Mas da realidade que conhece...
Acho que não consigo responder a essa pergunta, não quero… Não.
Está bem.
Na primeira e última vez em que vim apresentar aqui o meu trabalho [MAAT e Galeria Avenida da Índia, em 2017, tendo a artista já exibido o seu trabalho em diversos contextos internacionais como a 10.ª Bienal de Arte Contemporânea de Berlim e a 32.ª Bienal de São Paulo], conheci muitas jornalistas mulheres que se mostraram muitos envolvidas nestes temas, muito interessadas, e que exigiram que o meu trabalho tivesse um grande impacto e visibilidade nos media. Achei impressionante que tenha sido coberto de uma forma tão digna e tão presente e tão exigente. Trata-se de decisões, a meu ver, muito importantes e que têm que ver com reeditar a estrutura. O racismo é um problema estrutural, institucional, e portanto é importante decidir qual o espaço dado e quanto espaço, quais temas ocupam quanto espaço e de que forma são tratados.
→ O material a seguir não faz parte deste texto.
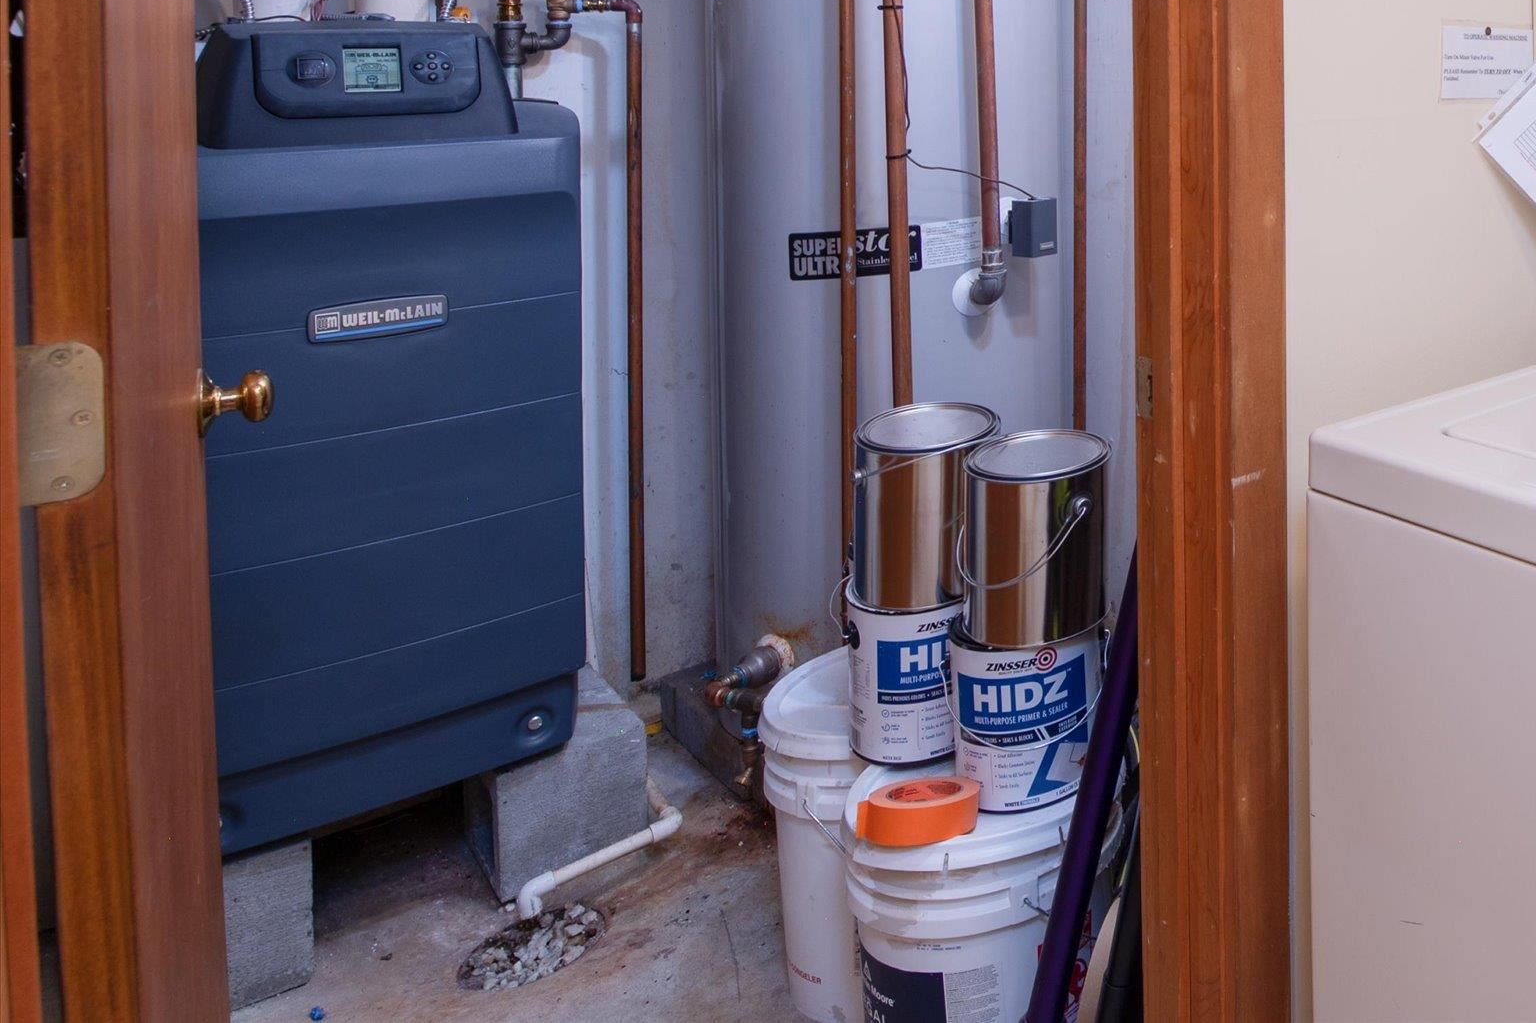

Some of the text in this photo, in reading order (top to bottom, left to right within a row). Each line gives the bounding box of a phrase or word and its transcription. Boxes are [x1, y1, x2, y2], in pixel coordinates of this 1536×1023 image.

Os media têm essa responsabilidade perante o público. Quando estamos a falar sobre racismo e todas as outras formas de opressão, não estamos a falar de moralidade, estamos a falar sobre responsabilidade, que tem que ver com um processo de consciencialização: começa com a negação, da negação passa-se à culpa, da culpa à vergonha, da vergonha ao reconhecimento e deste, finalmente, à reparação. Reparar significa precisamente isso, arranjar o que estava estragado e perceber a violência de certas estruturas. Mas este processo só pode acontecer se o que estamos a falar tiver visibilidade, tiver espaço. Os media têm um papel importante porque fazem uma sugestão — vejam isto, conheçam isto. É um trabalho de responsabilização, um ato político. Se posso responder à sua questão, é apenas por este caminho.